#### BRIEF:
Restate each record word for word, from the first to the last.

= = = = =

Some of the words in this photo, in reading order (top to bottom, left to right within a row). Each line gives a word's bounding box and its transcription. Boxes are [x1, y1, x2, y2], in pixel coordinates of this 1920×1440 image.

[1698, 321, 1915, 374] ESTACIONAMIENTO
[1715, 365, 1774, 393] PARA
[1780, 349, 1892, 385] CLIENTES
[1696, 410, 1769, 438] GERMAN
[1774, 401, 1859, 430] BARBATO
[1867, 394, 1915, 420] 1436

= = = = =

#### OUTPUT OF THE TASK:
Some of the words in this photo, in reading order (top to bottom, left to right within a row). Each line gives a word's bounding box and its transcription. Boxes are [x1, y1, x2, y2], in pixel coordinates of this 1920×1440 image.

[1698, 321, 1915, 374] ESTACIONAMIENTO
[1715, 365, 1774, 393] PARA
[1780, 349, 1892, 385] CLIENTES
[1696, 410, 1769, 438] GERMAN
[1774, 401, 1859, 430] BARBATO
[1867, 394, 1915, 420] 1436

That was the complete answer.